The problem
Each entry below must be repeated word for word.

[Saved data entries]

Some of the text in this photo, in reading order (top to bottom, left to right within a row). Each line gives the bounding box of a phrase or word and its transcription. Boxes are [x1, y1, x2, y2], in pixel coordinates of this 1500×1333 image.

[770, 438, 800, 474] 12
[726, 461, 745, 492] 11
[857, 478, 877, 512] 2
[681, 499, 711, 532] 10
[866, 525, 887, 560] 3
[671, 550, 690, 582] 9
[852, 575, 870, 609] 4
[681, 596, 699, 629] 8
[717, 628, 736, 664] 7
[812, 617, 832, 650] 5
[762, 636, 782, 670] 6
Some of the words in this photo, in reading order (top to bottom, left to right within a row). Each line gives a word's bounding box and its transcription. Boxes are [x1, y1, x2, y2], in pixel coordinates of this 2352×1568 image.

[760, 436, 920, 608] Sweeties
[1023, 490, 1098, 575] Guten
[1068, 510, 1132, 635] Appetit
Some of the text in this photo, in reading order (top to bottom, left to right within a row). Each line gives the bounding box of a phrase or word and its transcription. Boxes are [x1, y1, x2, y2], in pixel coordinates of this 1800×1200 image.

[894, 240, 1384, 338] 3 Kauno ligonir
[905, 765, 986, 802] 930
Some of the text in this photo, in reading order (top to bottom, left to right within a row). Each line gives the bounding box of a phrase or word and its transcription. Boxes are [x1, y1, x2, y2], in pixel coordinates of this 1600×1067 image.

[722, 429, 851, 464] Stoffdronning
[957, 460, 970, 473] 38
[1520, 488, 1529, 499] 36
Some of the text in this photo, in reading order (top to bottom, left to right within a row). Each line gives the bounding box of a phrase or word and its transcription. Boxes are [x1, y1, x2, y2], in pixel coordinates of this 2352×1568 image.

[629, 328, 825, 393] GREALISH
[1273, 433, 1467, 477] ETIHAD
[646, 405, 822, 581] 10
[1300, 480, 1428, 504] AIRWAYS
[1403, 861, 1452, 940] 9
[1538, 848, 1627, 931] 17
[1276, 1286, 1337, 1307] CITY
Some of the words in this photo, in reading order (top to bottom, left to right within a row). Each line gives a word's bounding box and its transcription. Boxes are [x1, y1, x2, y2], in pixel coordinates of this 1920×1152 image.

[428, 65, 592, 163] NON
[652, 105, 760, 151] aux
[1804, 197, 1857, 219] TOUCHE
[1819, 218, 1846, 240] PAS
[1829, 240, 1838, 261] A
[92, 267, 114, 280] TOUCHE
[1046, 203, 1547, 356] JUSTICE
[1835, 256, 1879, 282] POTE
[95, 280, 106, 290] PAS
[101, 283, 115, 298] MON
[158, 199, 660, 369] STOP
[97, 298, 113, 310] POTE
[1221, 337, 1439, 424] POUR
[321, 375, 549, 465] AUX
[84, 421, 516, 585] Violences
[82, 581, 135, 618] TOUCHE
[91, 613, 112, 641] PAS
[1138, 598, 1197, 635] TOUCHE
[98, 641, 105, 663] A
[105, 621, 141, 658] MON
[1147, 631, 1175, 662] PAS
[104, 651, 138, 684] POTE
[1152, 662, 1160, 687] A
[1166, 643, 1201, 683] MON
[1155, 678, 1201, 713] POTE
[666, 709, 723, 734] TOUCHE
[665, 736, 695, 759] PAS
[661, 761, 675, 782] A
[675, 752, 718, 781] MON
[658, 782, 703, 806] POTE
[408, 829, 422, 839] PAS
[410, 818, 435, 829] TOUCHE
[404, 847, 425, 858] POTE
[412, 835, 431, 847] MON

Exercise result
Some of the text in this photo, in reading order (top to bottom, left to right within a row). Each line gives the bounding box of a phrase or word and its transcription. Boxes are [x1, y1, x2, y2], in pixel coordinates of this 1500×1333 image.

[770, 438, 800, 474] 12
[726, 461, 745, 492] 11
[857, 478, 877, 512] 2
[681, 499, 711, 532] 10
[866, 525, 887, 560] 3
[671, 550, 690, 582] 9
[852, 575, 870, 609] 4
[681, 596, 699, 629] 8
[717, 628, 736, 664] 7
[812, 617, 832, 650] 5
[762, 636, 782, 670] 6
Some of the words in this photo, in reading order (top to bottom, left to right within a row). Each line gives a word's bounding box and its transcription. Boxes are [x1, y1, x2, y2], in pixel coordinates of this 2352×1568 image.

[760, 436, 920, 608] Sweeties
[1023, 490, 1098, 575] Guten
[1068, 510, 1132, 635] Appetit
Some of the text in this photo, in reading order (top to bottom, left to right within a row). Each line gives the bounding box of a phrase or word and its transcription. Boxes are [x1, y1, x2, y2], in pixel coordinates of this 1800×1200 image.

[894, 240, 1384, 338] 3 Kauno ligonir
[905, 765, 986, 802] 930
Some of the text in this photo, in reading order (top to bottom, left to right within a row). Each line gives the bounding box of a phrase or word and its transcription. Boxes are [x1, y1, x2, y2], in pixel coordinates of this 1600×1067 image.

[722, 429, 851, 464] Stoffdronning
[957, 460, 970, 473] 38
[1520, 488, 1529, 499] 36
Some of the text in this photo, in reading order (top to bottom, left to right within a row). Each line gives the bounding box of a phrase or word and its transcription. Boxes are [x1, y1, x2, y2], in pixel coordinates of this 2352×1568 image.

[629, 328, 825, 393] GREALISH
[1273, 433, 1467, 477] ETIHAD
[646, 405, 822, 581] 10
[1300, 480, 1428, 504] AIRWAYS
[1403, 861, 1452, 940] 9
[1538, 848, 1627, 931] 17
[1276, 1286, 1337, 1307] CITY
Some of the words in this photo, in reading order (top to bottom, left to right within a row). Each line gives a word's bounding box and its transcription. Boxes are [x1, y1, x2, y2], in pixel coordinates of this 1920×1152 image.

[428, 65, 592, 163] NON
[652, 105, 760, 151] aux
[1804, 197, 1857, 219] TOUCHE
[1819, 218, 1846, 240] PAS
[1829, 240, 1838, 261] A
[92, 267, 114, 280] TOUCHE
[1046, 203, 1547, 356] JUSTICE
[1835, 256, 1879, 282] POTE
[95, 280, 106, 290] PAS
[101, 283, 115, 298] MON
[158, 199, 660, 369] STOP
[97, 298, 113, 310] POTE
[1221, 337, 1439, 424] POUR
[321, 375, 549, 465] AUX
[84, 421, 516, 585] Violences
[82, 581, 135, 618] TOUCHE
[91, 613, 112, 641] PAS
[1138, 598, 1197, 635] TOUCHE
[98, 641, 105, 663] A
[105, 621, 141, 658] MON
[1147, 631, 1175, 662] PAS
[104, 651, 138, 684] POTE
[1152, 662, 1160, 687] A
[1166, 643, 1201, 683] MON
[1155, 678, 1201, 713] POTE
[666, 709, 723, 734] TOUCHE
[665, 736, 695, 759] PAS
[661, 761, 675, 782] A
[675, 752, 718, 781] MON
[658, 782, 703, 806] POTE
[408, 829, 422, 839] PAS
[410, 818, 435, 829] TOUCHE
[404, 847, 425, 858] POTE
[412, 835, 431, 847] MON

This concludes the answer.